Highlights from Literature

What is the most effective treatment for actinic keratosis? A head-to-head comparison of 4 field treatments

by Emily Newsom, MD

Jansen, Kessels, Nelemans, et al. Randomized Trial of Four Treatment Approaches for Actinic Keratosis. N Engl J Med 2019; 380:935-946. DOI: 10.1056/NEJMoa1811850

Actinic keratosis (AK) is an extremely common pre-cancerous skin lesion caused by ultraviolet radiation exposure. Cryosurgery is typically used for focal lesions, while field therapy is used for more extensive ill-defined actinic keratoses in a continuous area. There is no consensus on which field therapy is preferred.

A group out of the Netherlands has published a multi-center, single-blind, randomized controlled trial to compare treatment success at 12 months of 4 treatment modalities: fluorouracil 5% cream, imiquimod 5% cream, ingenol mebutate 0.015% gel, and methyl aminolevulinate PDT (MAL-PDT) in 624 patients with actinic keratoses. No commercial support was provided for the trial.  

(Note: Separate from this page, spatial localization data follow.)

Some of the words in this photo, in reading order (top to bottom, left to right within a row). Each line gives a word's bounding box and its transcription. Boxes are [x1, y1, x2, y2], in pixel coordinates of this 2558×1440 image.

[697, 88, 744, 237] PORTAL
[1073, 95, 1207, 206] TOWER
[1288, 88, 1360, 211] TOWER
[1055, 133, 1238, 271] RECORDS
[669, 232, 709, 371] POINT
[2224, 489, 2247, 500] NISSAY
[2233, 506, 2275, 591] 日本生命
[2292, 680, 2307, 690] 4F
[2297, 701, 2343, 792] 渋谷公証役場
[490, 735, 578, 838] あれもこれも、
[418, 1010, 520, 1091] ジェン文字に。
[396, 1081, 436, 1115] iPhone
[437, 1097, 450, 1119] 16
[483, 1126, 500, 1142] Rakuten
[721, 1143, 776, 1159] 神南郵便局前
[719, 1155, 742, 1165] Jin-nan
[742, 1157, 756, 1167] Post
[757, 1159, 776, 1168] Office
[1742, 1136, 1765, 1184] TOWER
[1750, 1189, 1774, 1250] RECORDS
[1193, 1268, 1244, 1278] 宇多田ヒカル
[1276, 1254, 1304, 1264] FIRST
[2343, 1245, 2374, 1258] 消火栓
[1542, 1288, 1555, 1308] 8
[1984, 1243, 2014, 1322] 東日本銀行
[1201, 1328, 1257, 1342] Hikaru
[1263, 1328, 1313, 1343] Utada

The treatment protocols are as follows:  fluorouracil was applied twice daily for 4 weeks; imiquimod was applied once daily 3 times a week for 4 weeks. For ingenol, one 0.47 g tube was applied once a day for 3 days to an area of 25 cm2. For MAL-PDT, a thin layer of MAL cream was applied, covered with aluminum foil for 3 hours, and illuminated with LED light at a wavelength of 635 nm for 7.23 minutes. Some patients received a 2nd treatment in case of insufficient treatment response. Treatment success was defined as a 75% or more reduction of AKs. The number and extent of AKs was measured at baseline, 3 months and 12 months after treatment by a blinded investigator.

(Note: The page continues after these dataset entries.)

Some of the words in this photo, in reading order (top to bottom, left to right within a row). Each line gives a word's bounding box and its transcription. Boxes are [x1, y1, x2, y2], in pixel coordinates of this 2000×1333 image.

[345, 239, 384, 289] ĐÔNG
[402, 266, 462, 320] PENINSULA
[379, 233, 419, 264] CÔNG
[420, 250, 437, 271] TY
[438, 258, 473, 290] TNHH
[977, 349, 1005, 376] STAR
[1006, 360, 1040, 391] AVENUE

The results are illustrated in Table 2. The “modified intention-to-treat” group included 602 patients who started treatment and were evaluated at 3 and 12 months post-treatment. In this group, the cumulative probability of treatment success at 12 months for fluorouracil was 74.7%, for imiquimod 53.9%, MAL-PDT 37.7%, and ingenol mebutate 28.9%, according to the modified intention-to-treat analysis.

Overall, fluorouracil was found to be the most effective at treating actinic keratoses. Adherence was higher in the ingenol group (98.7%) and MAL-PDT (96.8%) compared to the fluorouracil group (88.7%) and imiquimod group (88.2%). Patient satisfaction with treatment overall was highest in fluorouracil group.  Cosmetic outcome was best in the MAL-PDT group.  

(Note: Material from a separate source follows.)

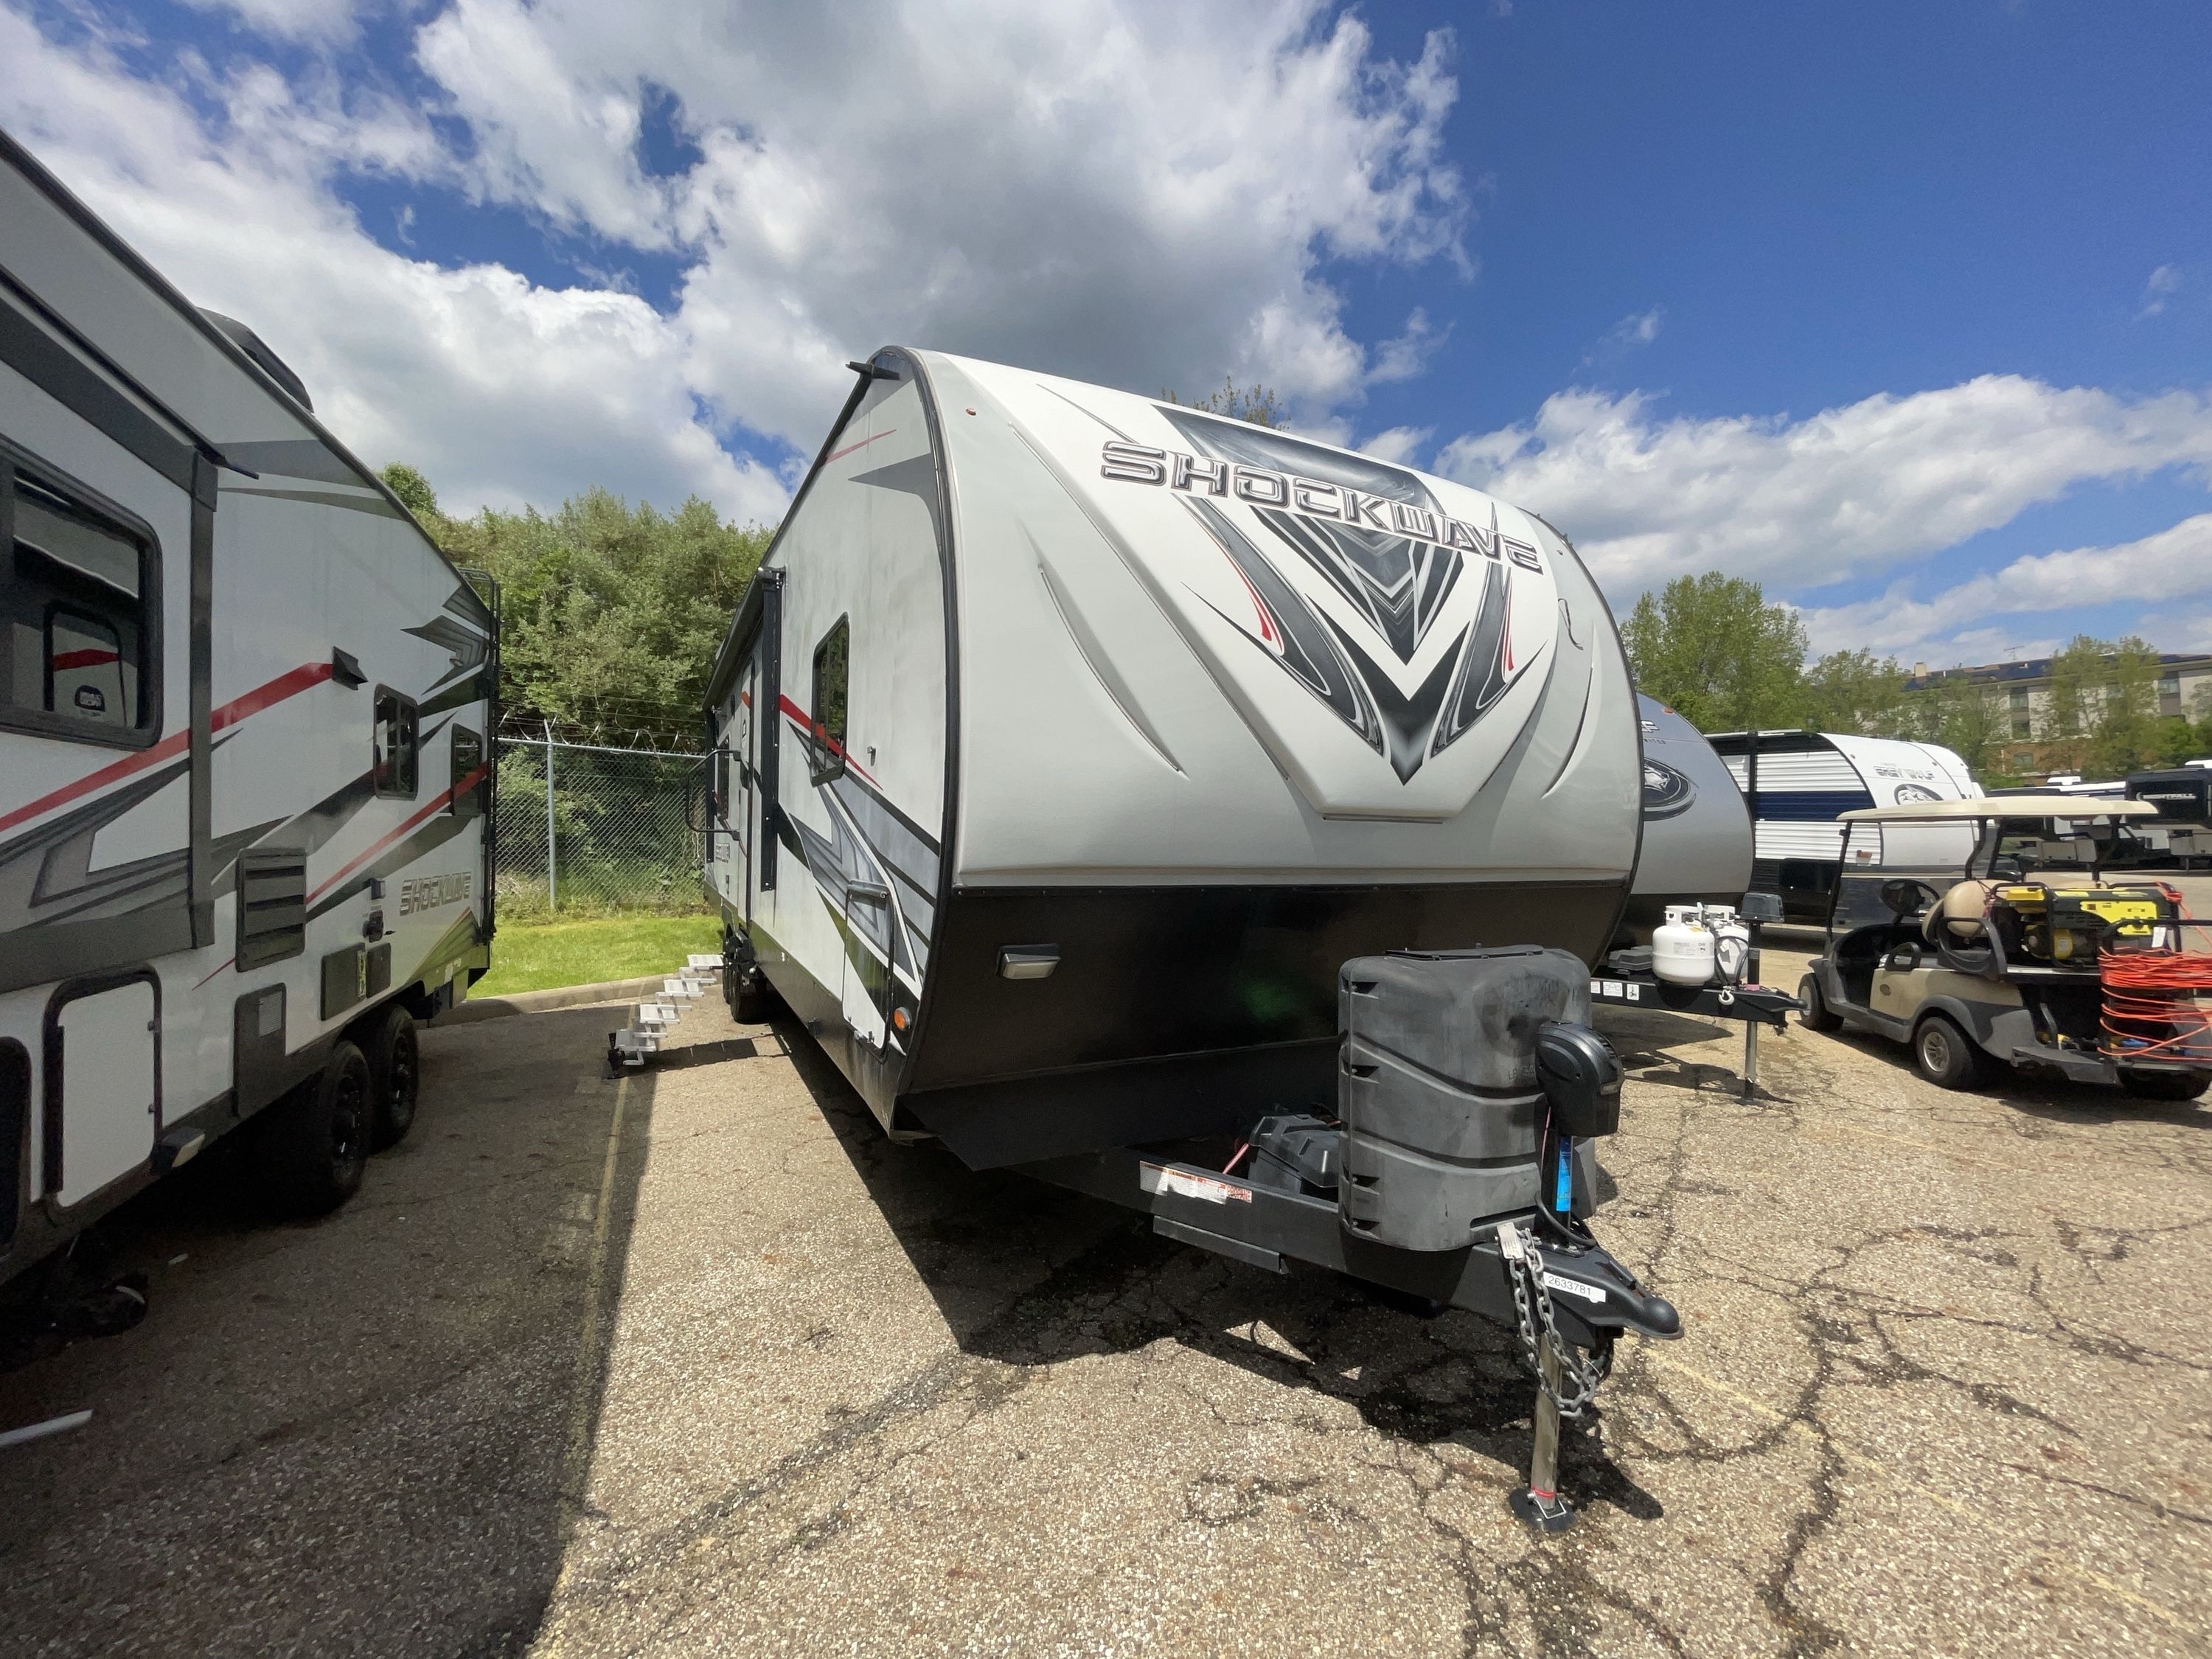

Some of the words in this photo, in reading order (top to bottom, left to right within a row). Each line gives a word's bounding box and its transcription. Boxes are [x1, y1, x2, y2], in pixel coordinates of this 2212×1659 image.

[1102, 440, 1545, 575] SHOCKWAVE
[400, 872, 471, 916] SHOCKWAVE
[1548, 1276, 1591, 1295] 2633781

The significant superiority in efficacy of fluorouracil 5% was interesting. Of note, aminolevulanic acid photodynamic therapy (ALA-PDT), which is available in the US, was not studied. Also notable is the use of alternative protocols, for example use of imiquimod more than 3 times a week, could result in different efficacy. Combination of multiple treatment modalities was also not studied.

Patient preference and lifestyle should be considered.  The authors note that about half of patients assessed for eligibility declined participation due to the patient’s specific preference for one of the four modalities. Although MAL-PDT and ingenol had lower efficacy, their higher adherence and shorter, more convenient protocol may make these methods a good choice for certain patients. From a cost perspective, fluorouracil is an attractive option.